If this unauthorized employment issue is true then consult about the real chances you might have with a lawyer who knows this pretty well...
Good luck
girlfriend (rihanna only girl in )
cdeneo
06-01 08:49 PM
With the news of onset of RFE's - does the attorney only get the RFE or do both the attorney and the applicant get a copy of the RFE.
I am sure many would have this question - my attorney on the submitted G-28 form was one tied to my previous company. I have switched jobs since then but have not submitted AC-21 notification (though I qualify for the same). I have not submitted a new G-28 form to change attorney representation since I do not have an attorney at this time.
I just want to make sure that incase an RFE is issued - I get a copy even though my old attorney is on file. Any input/advise will be much appreciated on how to make sure of the same.

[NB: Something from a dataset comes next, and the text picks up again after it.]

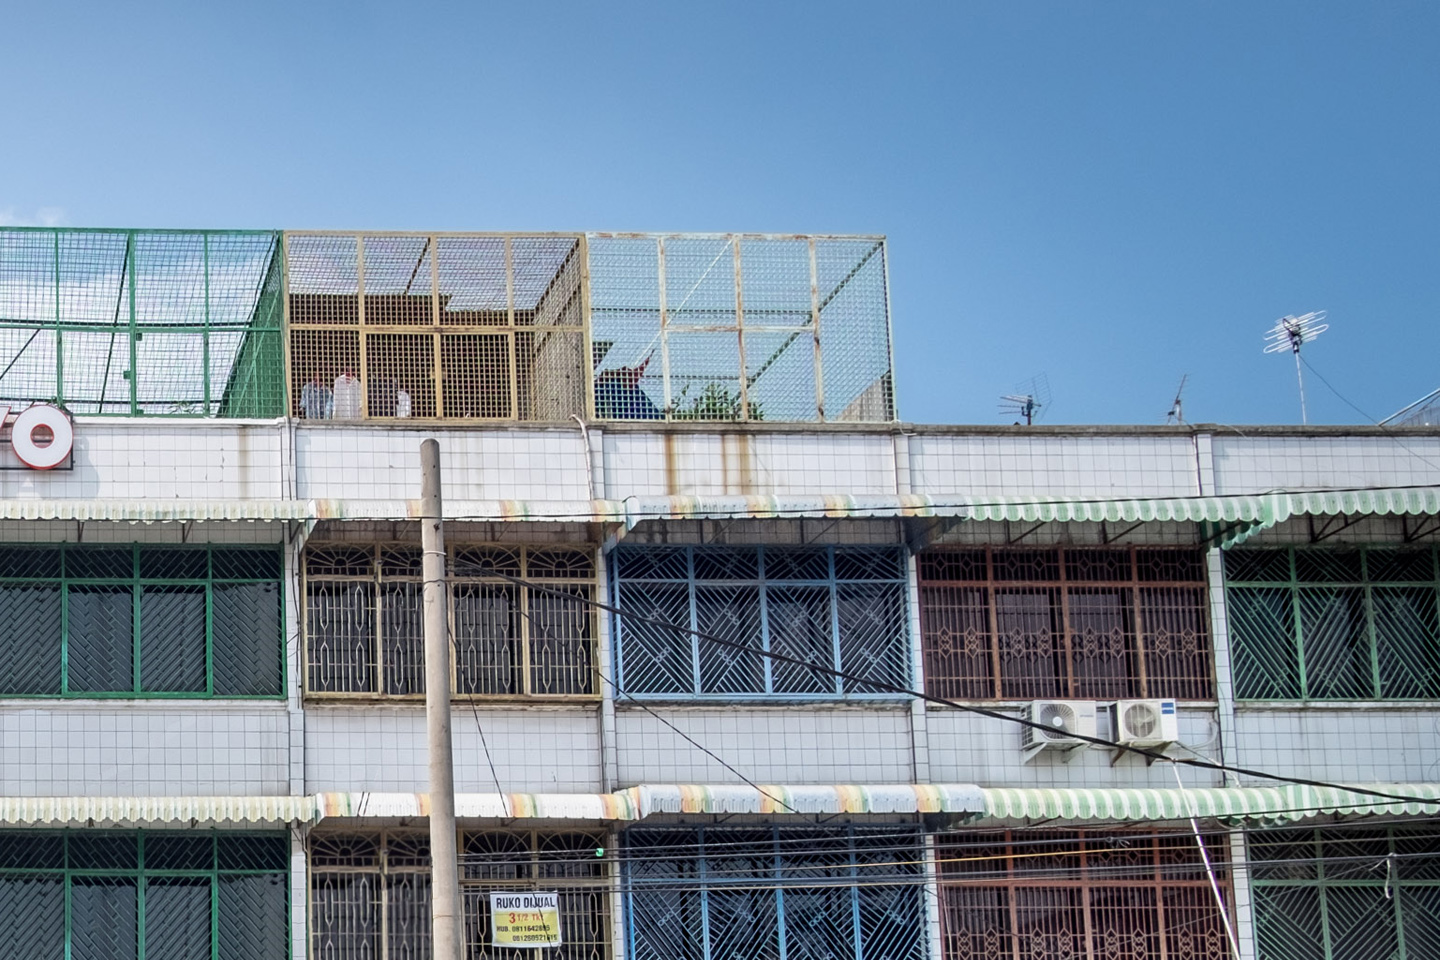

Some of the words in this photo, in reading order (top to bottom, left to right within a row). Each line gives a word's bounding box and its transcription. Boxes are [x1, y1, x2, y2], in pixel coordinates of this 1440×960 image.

[496, 897, 521, 909] RUKO
[524, 896, 556, 909] DIJUAL
[509, 912, 516, 924] 3

I am sure many would have this question - my attorney on the submitted G-28 form was one tied to my previous company. I have switched jobs since then but have not submitted AC-21 notification (though I qualify for the same). I have not submitted a new G-28 form to change attorney representation since I do not have an attorney at this time.

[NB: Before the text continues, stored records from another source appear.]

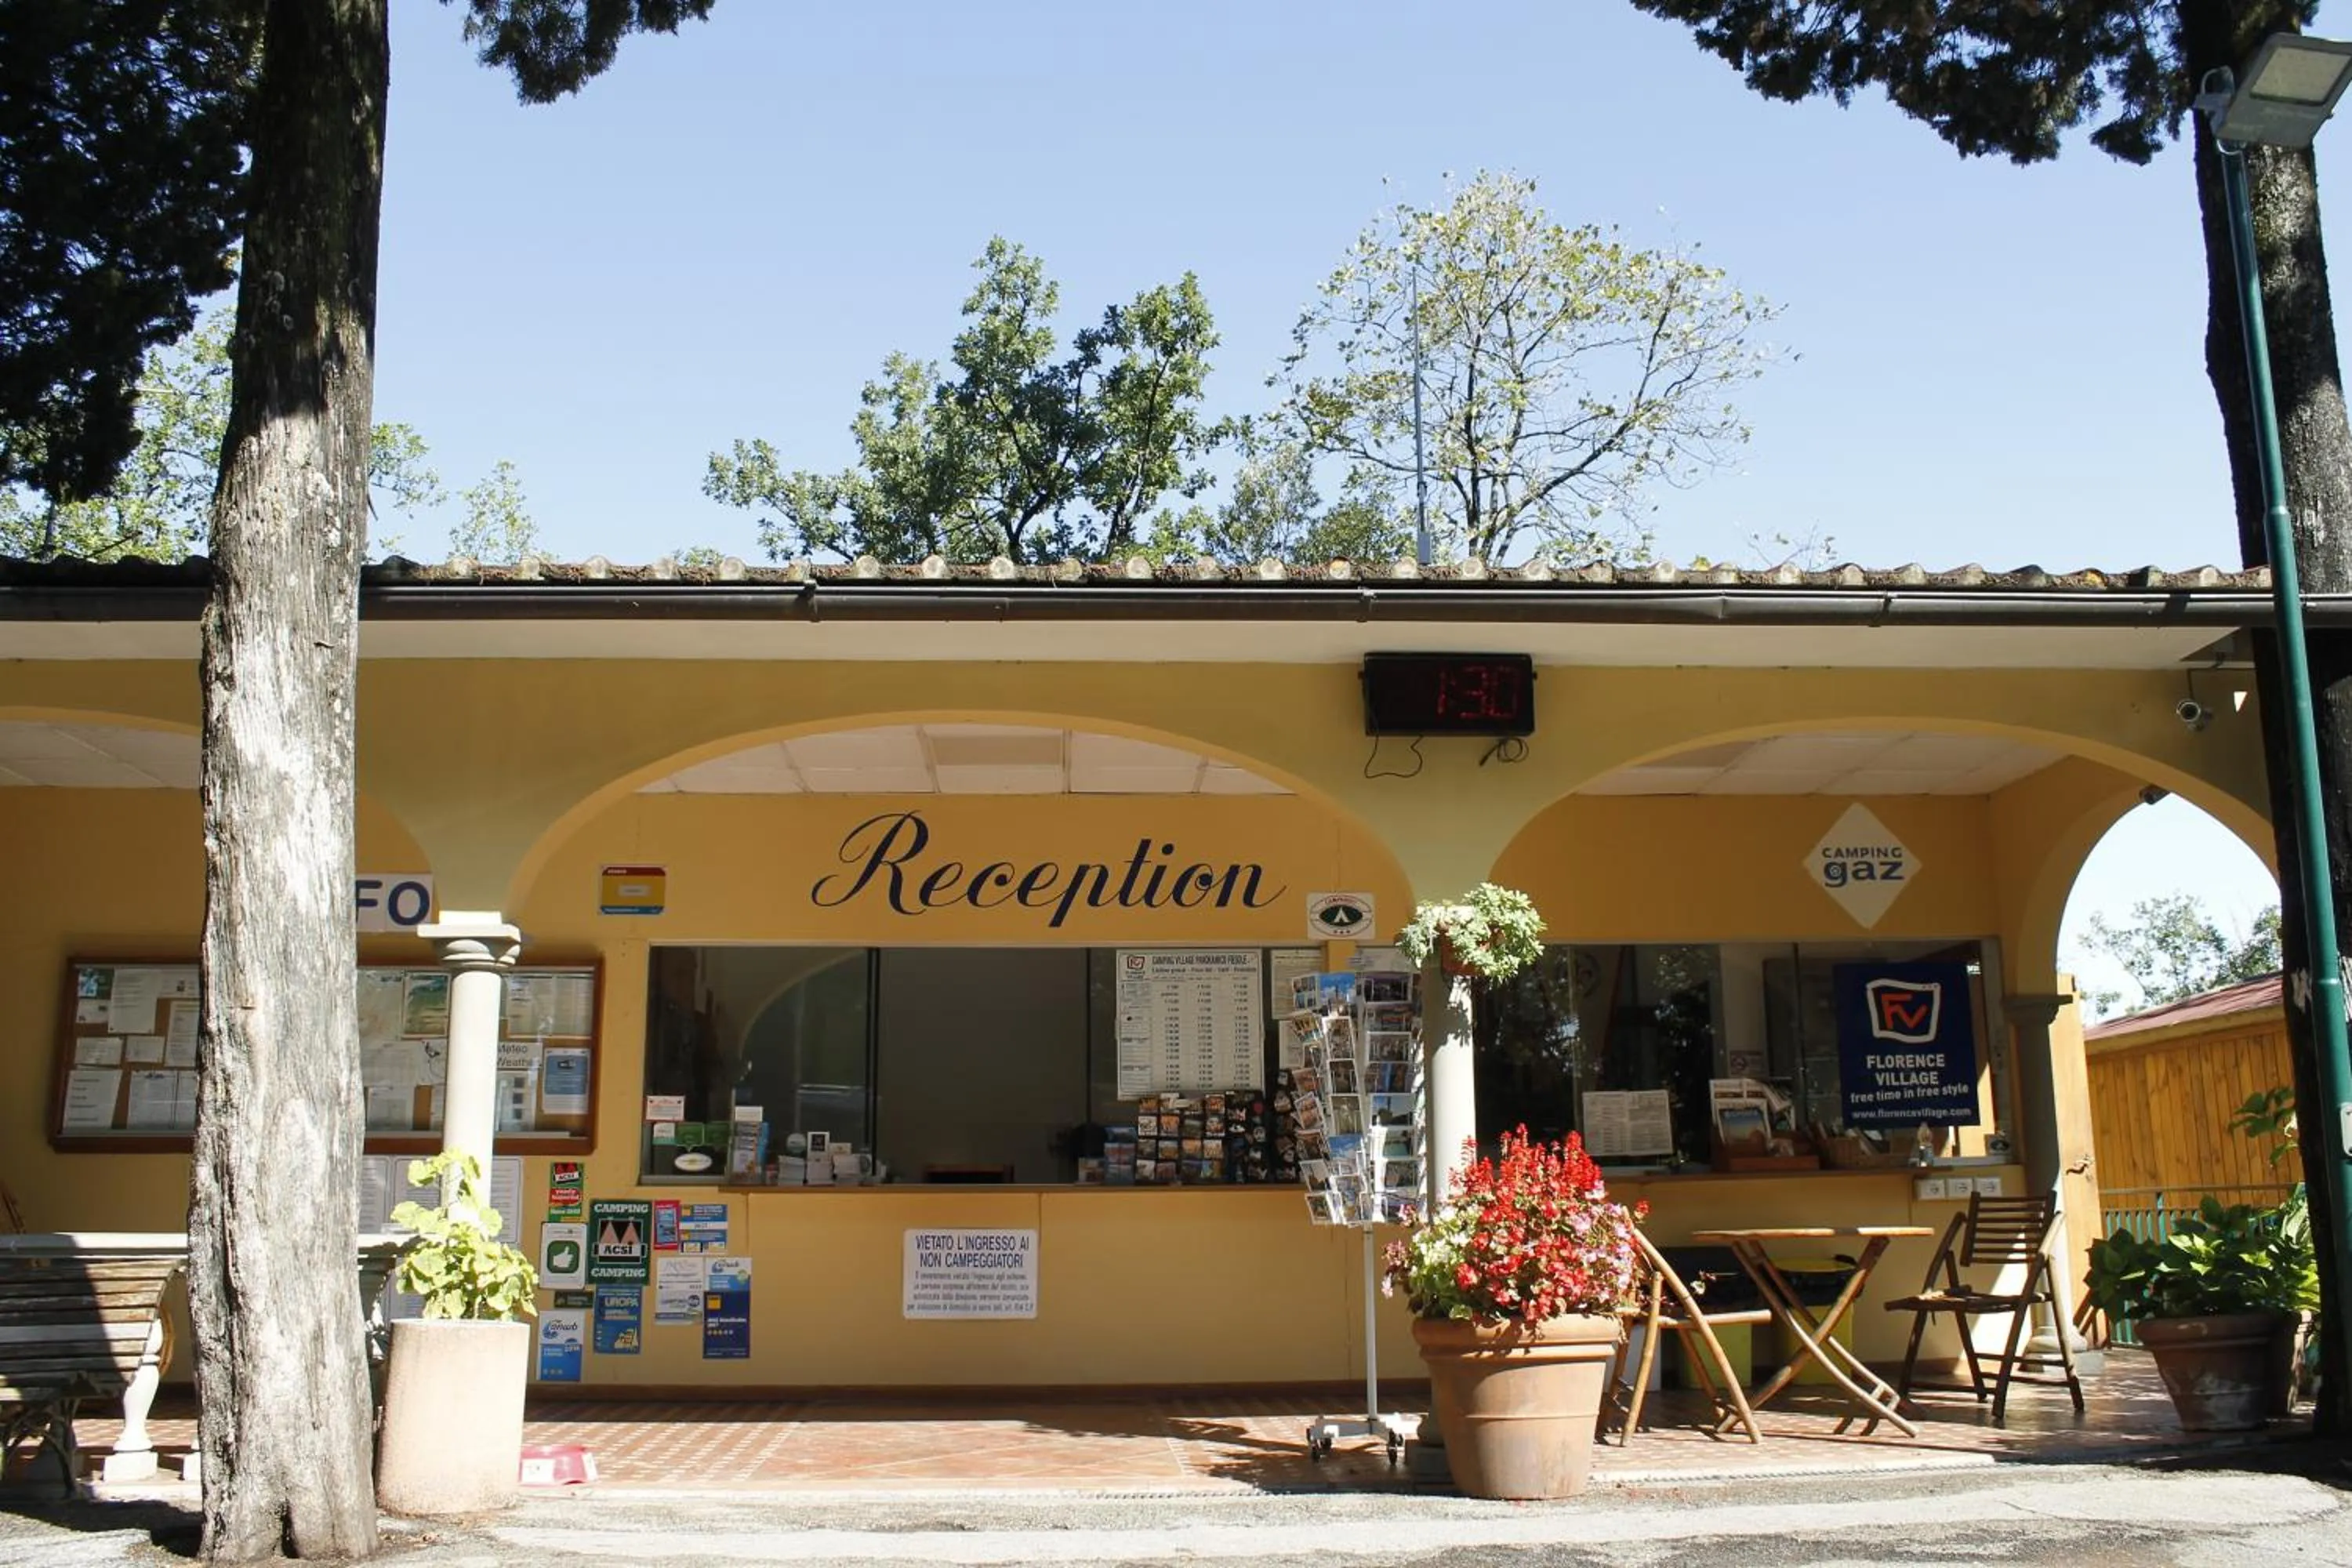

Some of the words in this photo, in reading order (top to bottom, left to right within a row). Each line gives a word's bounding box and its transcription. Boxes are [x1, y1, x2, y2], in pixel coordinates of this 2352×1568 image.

[1821, 847, 1903, 859] CAMPING
[811, 809, 1288, 928] Reception
[1823, 860, 1905, 888] gaz
[1866, 1054, 1946, 1069] FLORENCE
[1875, 1072, 1940, 1086] VILLAGE
[1850, 1092, 1874, 1103] free
[1876, 1088, 1901, 1101] time
[1904, 1087, 1915, 1098] in
[1916, 1085, 1940, 1097] free
[1942, 1083, 1969, 1097] style
[1852, 1106, 1972, 1120] www.florencevillage.com
[593, 1203, 649, 1214] CAMPING
[915, 1235, 954, 1251] VIETATO
[957, 1235, 1016, 1251] L'INGRESSO
[1020, 1235, 1029, 1250] AI
[920, 1253, 942, 1268] NON
[945, 1253, 1023, 1268] CAMPEGGIATORI
[590, 1267, 647, 1278] CAMPING

I just want to make sure that incase an RFE is issued - I get a copy even though my old attorney is on file. Any input/advise will be much appreciated on how to make sure of the same.
hairstyles album este quot;Only Girl (In
GIC
05-14 10:31 AM
RD: 01/19/2007
ND: 01/22/2007
LUDs: None
RFE: None
Category: EB2
Status: Pending
ND: 01/22/2007
LUDs: None
RFE: None
Category: EB2
Status: Pending
cdeneo
12-13 07:11 PM
I was driving to the US from Canada and got a new I-94 on the port of entry. Immigration officer put a date that was 10 days ahead of the expiry on my I-797 telling me that I would have 10 additional days post I-797 expiry to leave the country.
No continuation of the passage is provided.